Abstract

Automatically detecting and locating pain events in video is an important task in medical assessment. It is a challenging problem in facial expression analysis due to spontaneous faces, head movements and pose variations. In this paper, we explore the role of facial information at various time scales (frame, segment and sequence) and propose a new framework for pain event detection and locating in video. We introduce a feature-level fusion method for pain event detection and a multiple-task fusion method for locating pain events, respectively. Both spatial and spatial–temporal features are utilized in our study. At first, we employ the histogram of oriented gradients (HOG) of fiducial points (P-HOG) to extract spatial features from each video frame and train an SVM as a frame-based pain event detector. Secondly, HOG from Three Orthogonal Planes (named as HOG-TOP) is used to characterize the dynamic textures of a video segment, a segment-based classifier (SVM) is then trained for segment-level detection.
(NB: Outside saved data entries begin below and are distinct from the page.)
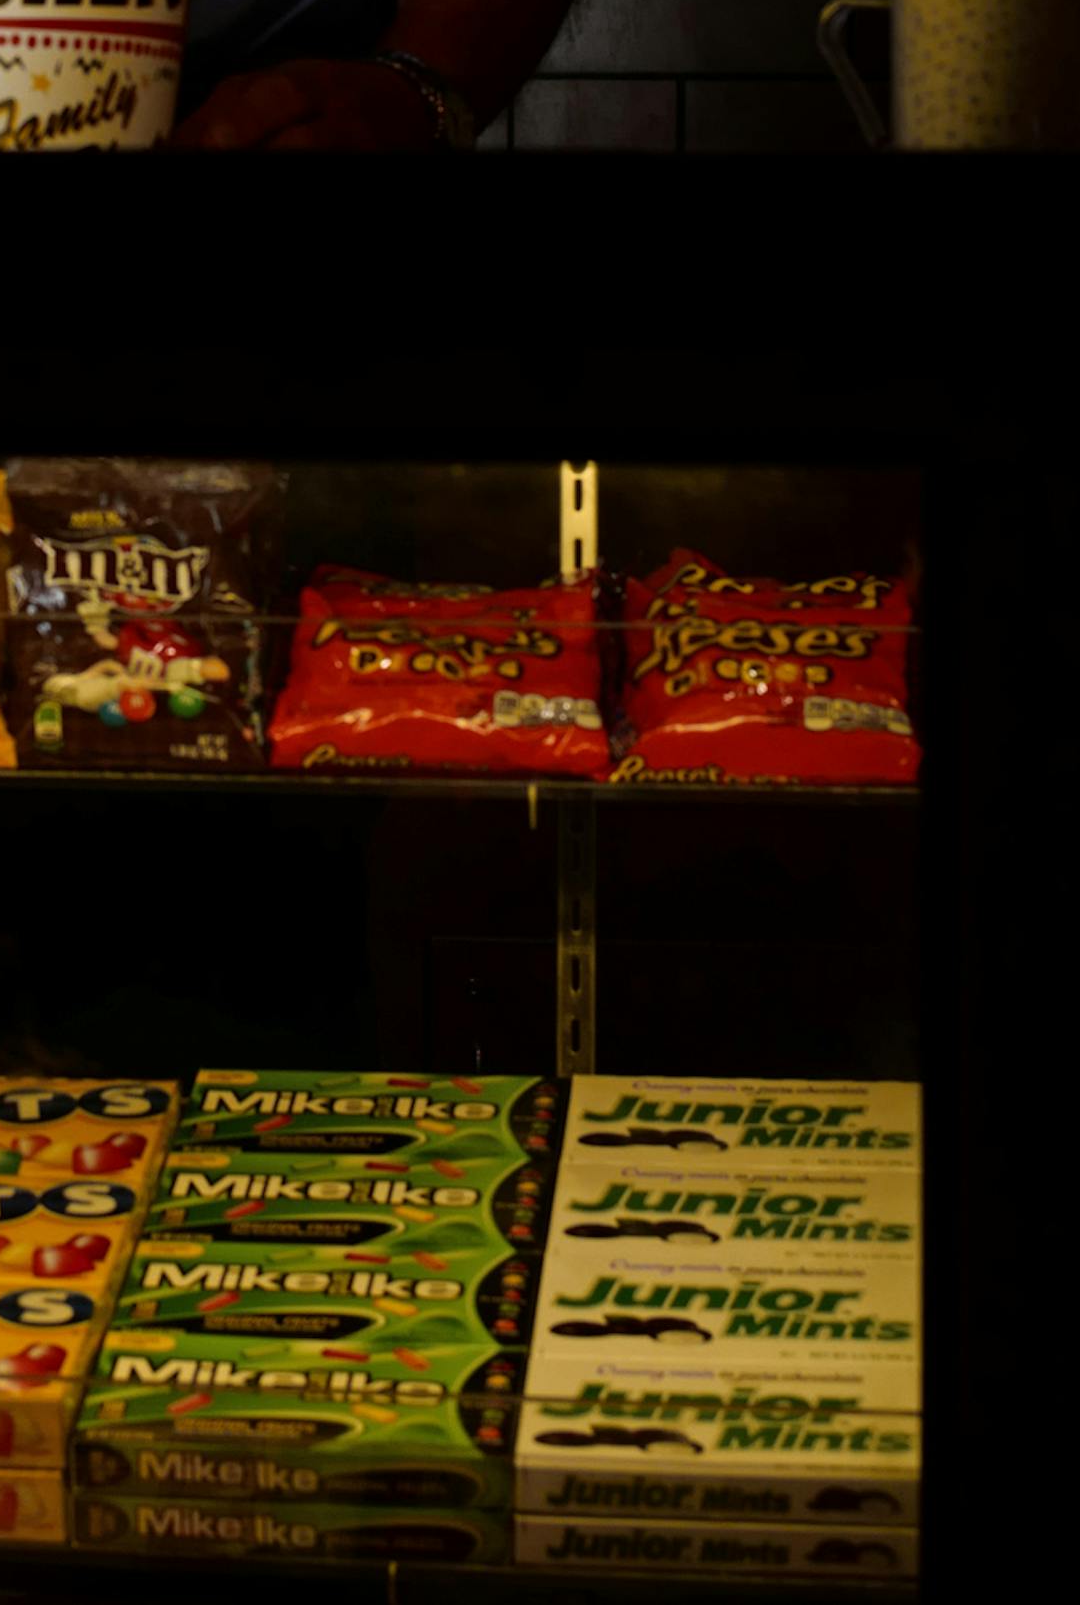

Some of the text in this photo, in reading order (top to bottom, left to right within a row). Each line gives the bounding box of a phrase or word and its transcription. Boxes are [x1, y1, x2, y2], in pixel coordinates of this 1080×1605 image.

[200, 1088, 499, 1121] Mike Ike
[582, 1094, 865, 1127] Junior
[739, 1127, 912, 1149] Mints
[170, 1171, 481, 1208] Mike Ike
[568, 1183, 863, 1217] Junior
[731, 1217, 912, 1242] Mints
[140, 1260, 465, 1300] Mike Ike
[554, 1276, 861, 1313] Junior
[725, 1313, 913, 1341] Mints
[111, 1355, 447, 1407] Mike Ike
[539, 1383, 859, 1425] Junior
[716, 1425, 913, 1453] Mints
[136, 1450, 245, 1484] Mike
[256, 1461, 319, 1493] Ike
[545, 1474, 792, 1513] Junior Mints
[545, 1527, 792, 1564] Junior Mints
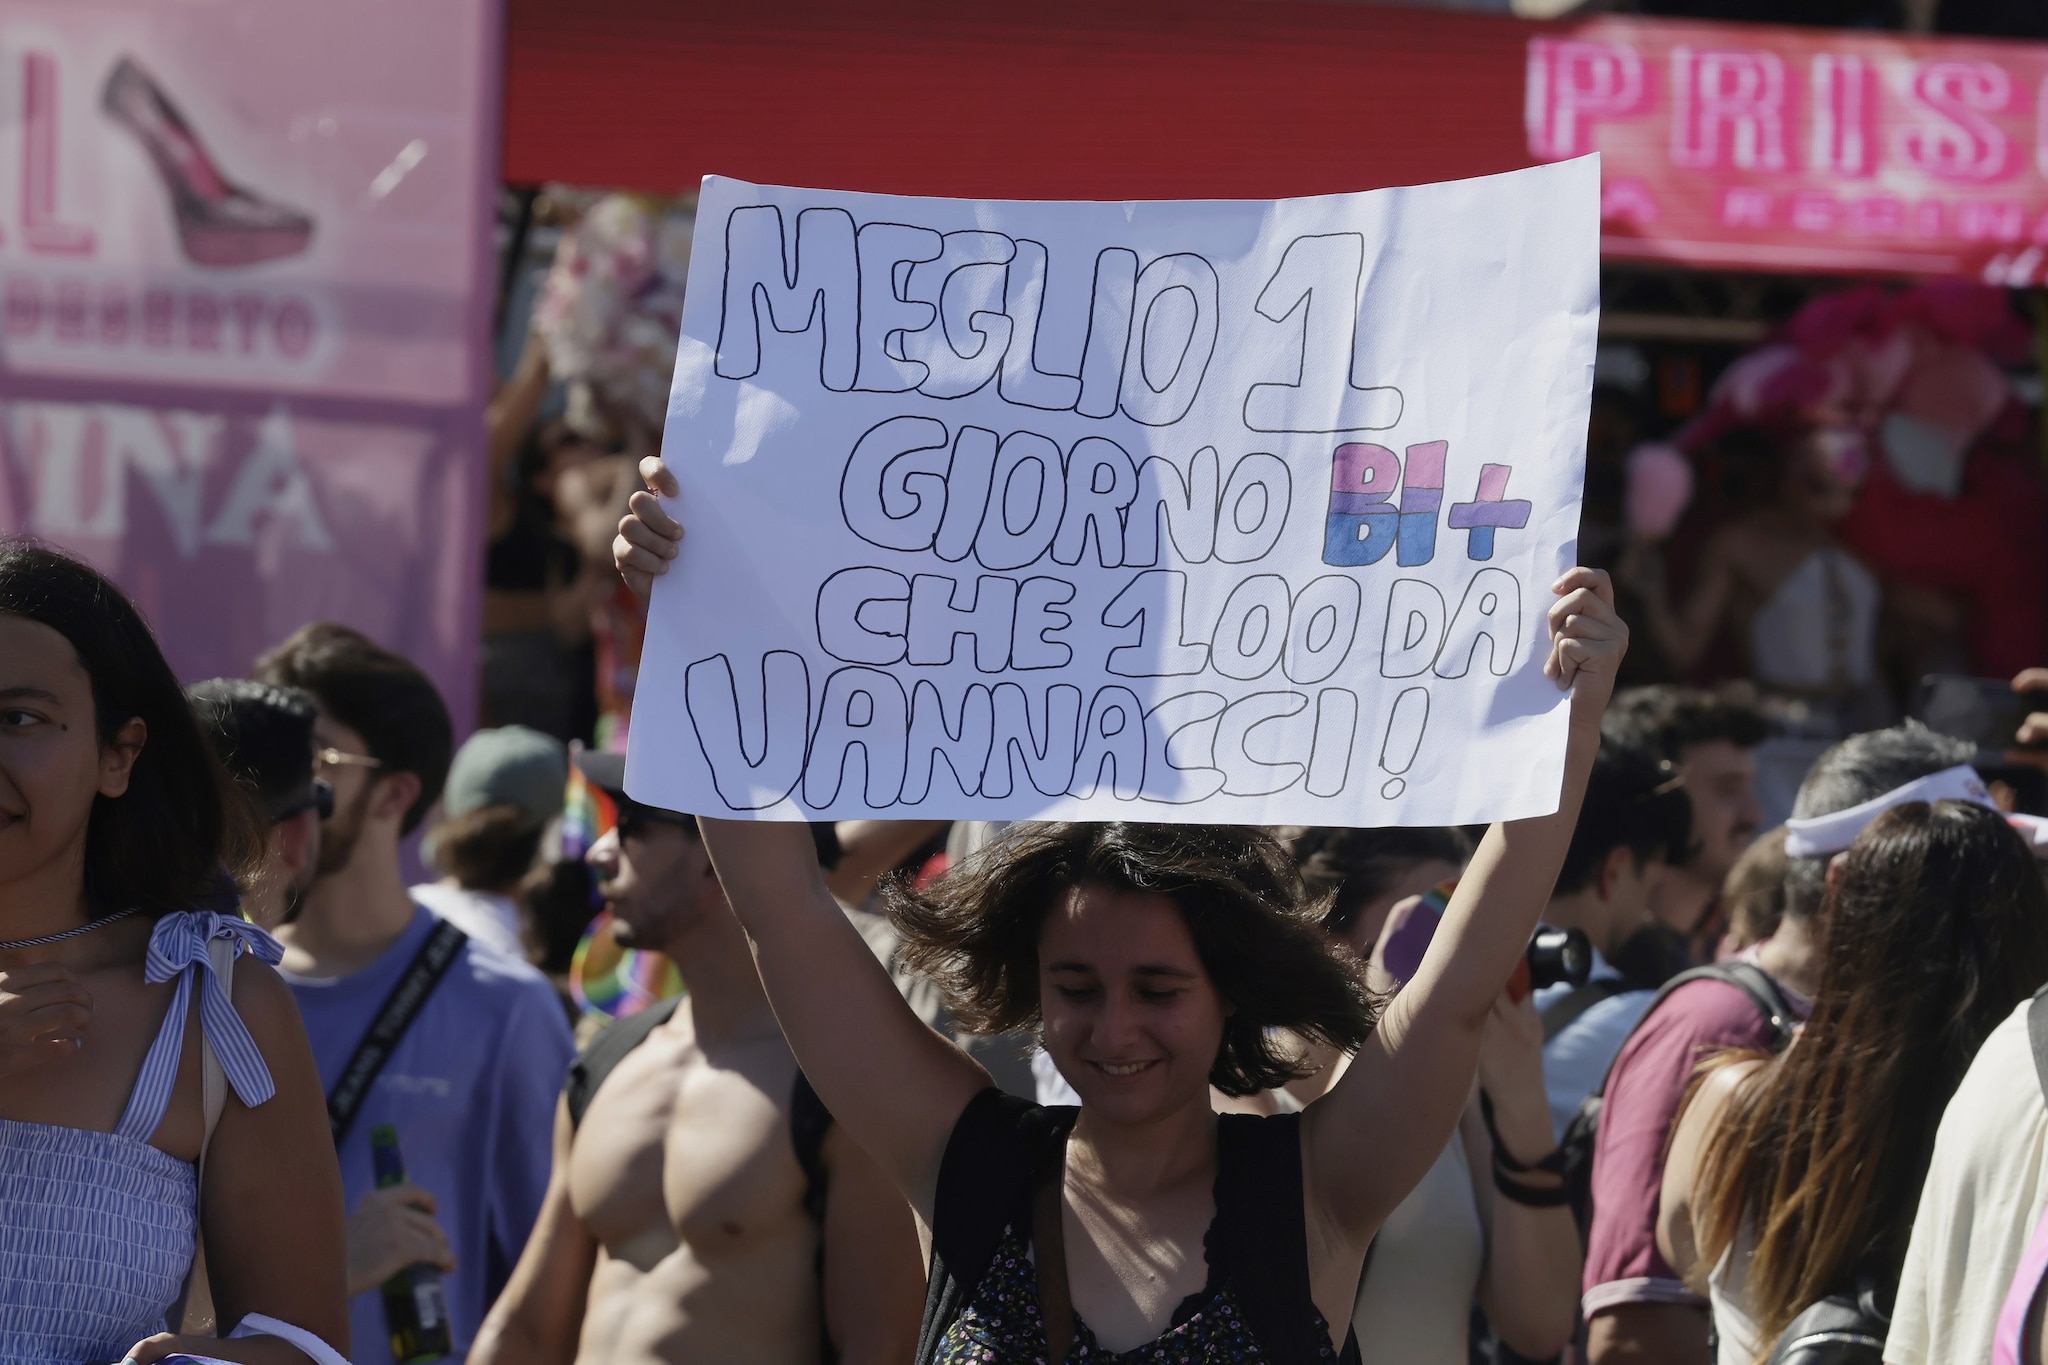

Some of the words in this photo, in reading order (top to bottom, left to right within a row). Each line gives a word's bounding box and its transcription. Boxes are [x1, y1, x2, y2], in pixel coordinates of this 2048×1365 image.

[1526, 38, 2048, 186] PRIS
[714, 204, 1220, 427] MEGLIO
[1243, 231, 1405, 433] 1
[839, 415, 1293, 571] GIORNO
[1321, 439, 1533, 567] BI+
[816, 565, 1076, 674] CHE
[1101, 568, 1362, 685] 100
[1380, 566, 1522, 679] DA
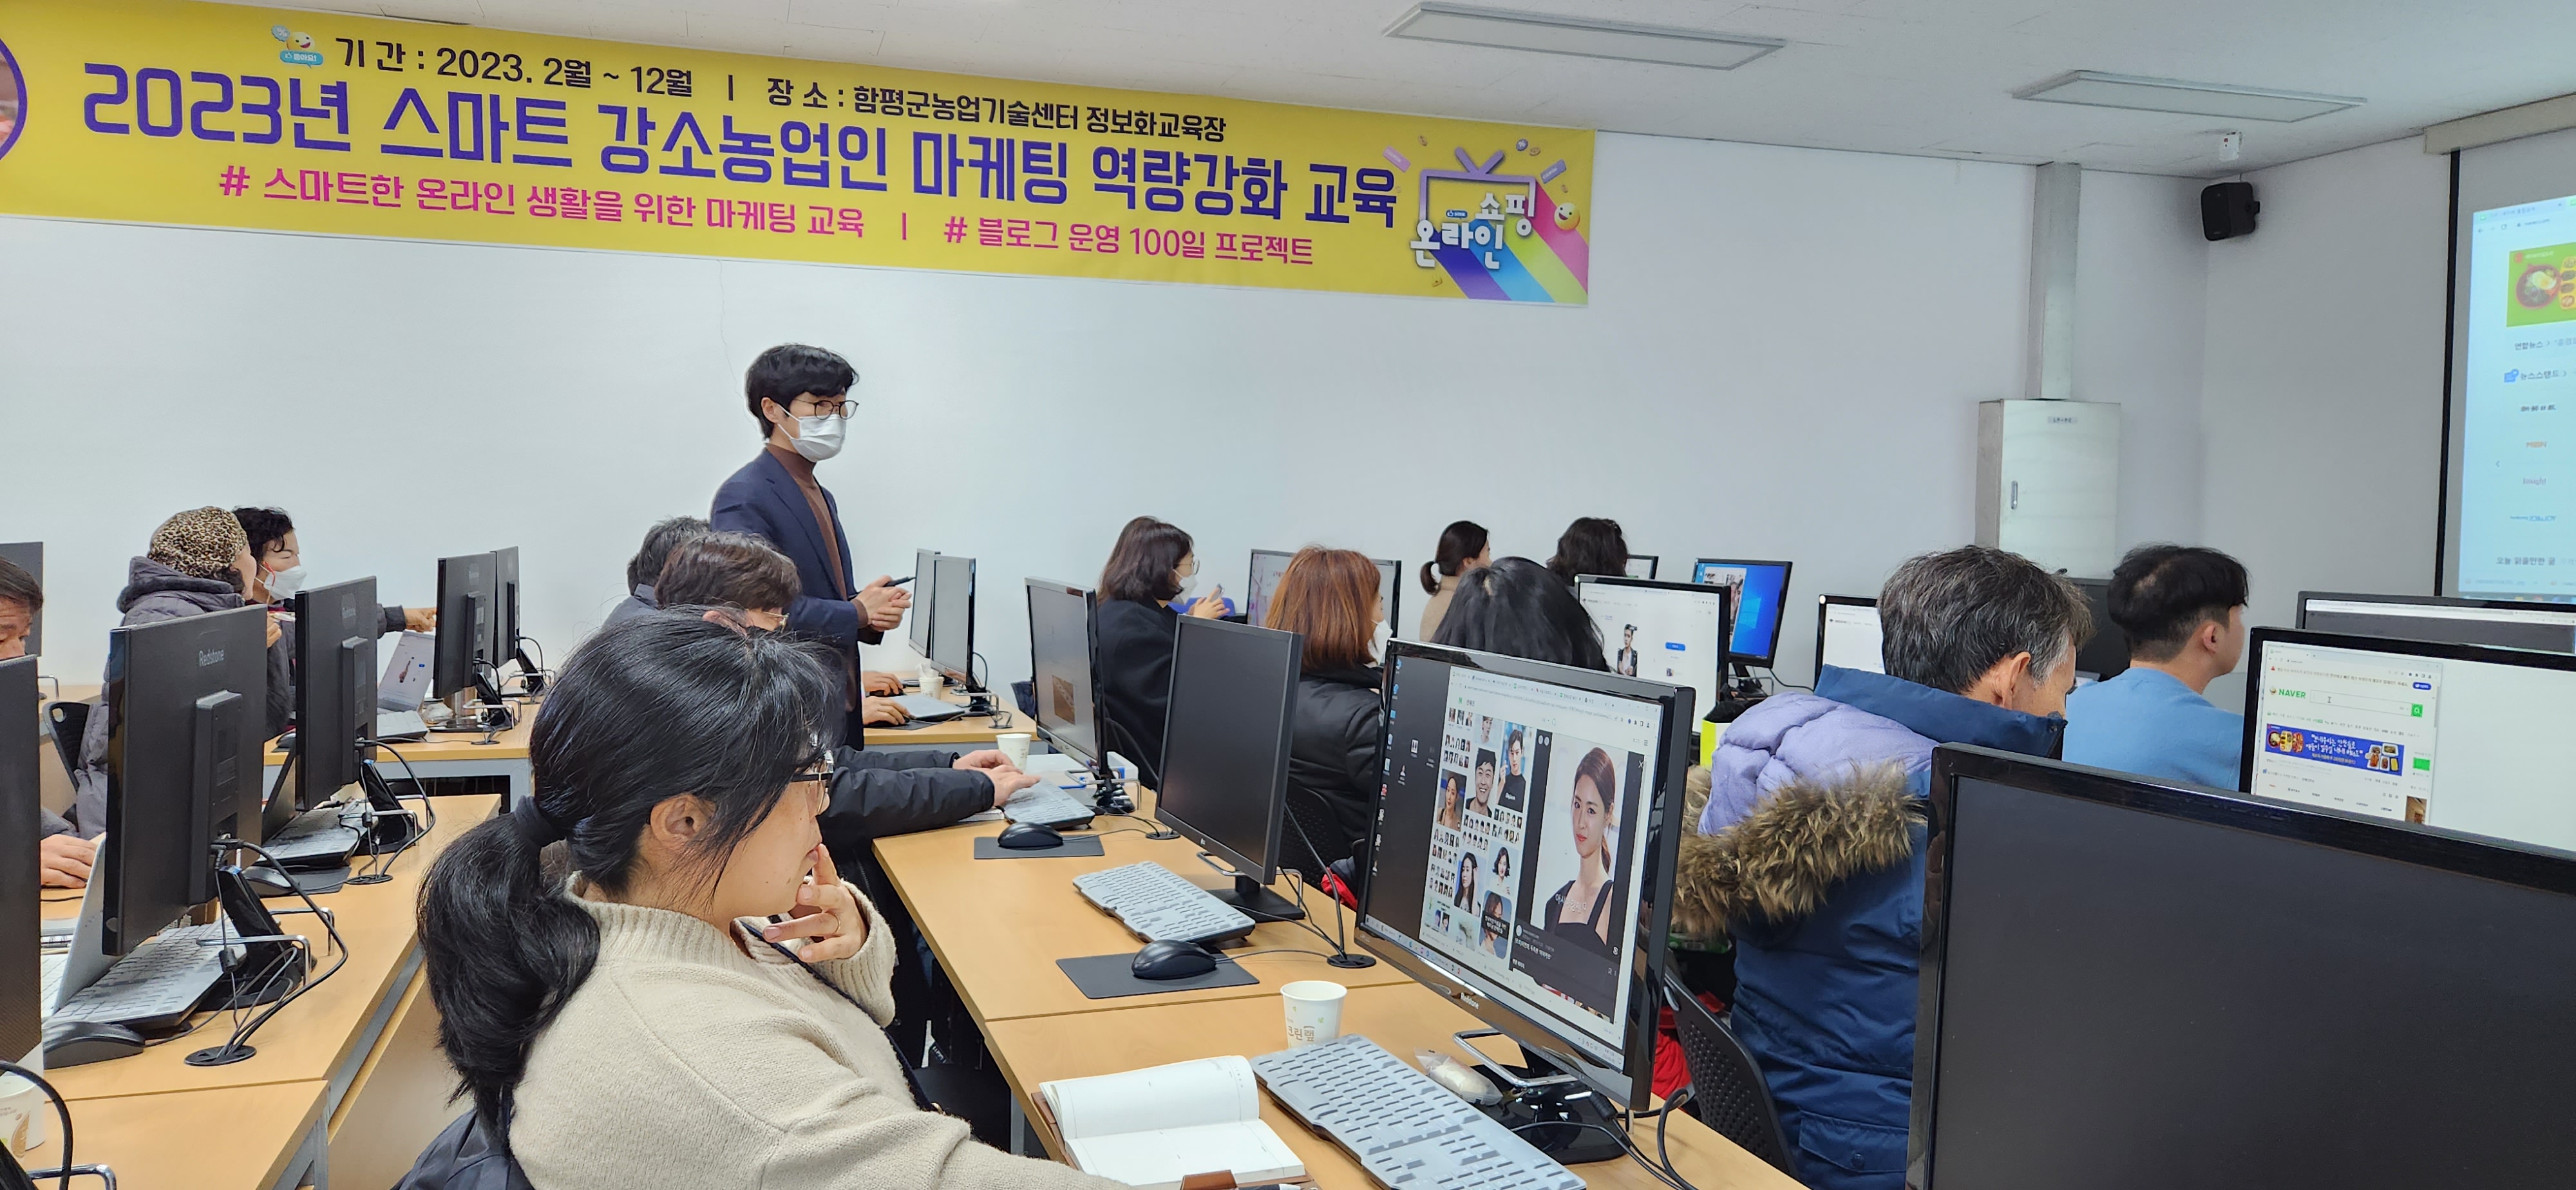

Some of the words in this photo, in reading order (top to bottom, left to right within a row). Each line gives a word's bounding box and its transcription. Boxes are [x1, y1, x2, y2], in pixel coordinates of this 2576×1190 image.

[336, 37, 365, 68] 기
[375, 41, 406, 72] 간
[437, 48, 532, 83] 2023.
[543, 57, 591, 89] 2월
[630, 66, 692, 97] 12월
[767, 78, 794, 106] 장
[802, 82, 828, 109] 소
[853, 86, 1078, 130] 함평군농업기술센터
[1086, 106, 1227, 142] 정보화교육장
[84, 63, 352, 152] 2023년
[380, 88, 573, 167] 스마트
[597, 104, 888, 192] 강소농업인
[912, 131, 1068, 205] 마케팅
[1092, 146, 1289, 220] 역량강화
[1305, 164, 1397, 228] 교육
[263, 167, 406, 208] 스마트한
[415, 178, 516, 215] 온라인
[526, 185, 624, 222] 생활을
[632, 193, 697, 227] 위한
[705, 198, 797, 234] 마케팅
[807, 205, 865, 238] 교육
[1475, 193, 1535, 236] 쇼핑
[978, 218, 1059, 249] 블로그
[1068, 223, 1121, 254] 운영
[1130, 227, 1206, 259] 100일
[1215, 232, 1312, 264] 프로젝트
[1410, 219, 1504, 270] 온라인
[2514, 341, 2543, 351] 연합뉴스
[2521, 370, 2559, 381] 뉴스스탠드
[199, 649, 224, 667] Redstone
[2278, 688, 2307, 699] NAVER
[1461, 992, 1480, 1010] Redstone
We further apply a max pooling strategy to obtain the global P-HOG and HOG-TOP to represent the whole video sequence and a multiple kernel fusion is employed to find an optimal feature-level fusion. An SVM with multiple kernels is trained to perform sequence-level (pain event) detection. Finally, an effective probabilistic fusion method is proposed to integrate the detection results of the three different tasks (frame-level, segment-level and sequence-level detection) to locate pain events in video. Extensive experiments conducted on the UNBC-McMaster Shoulder Pain database show that our proposed method outperforms other state-of-the-art methods both in pain event detection and locating in video. Our sequence-level event detection method has also been applied to facial expression recognition in video with good results.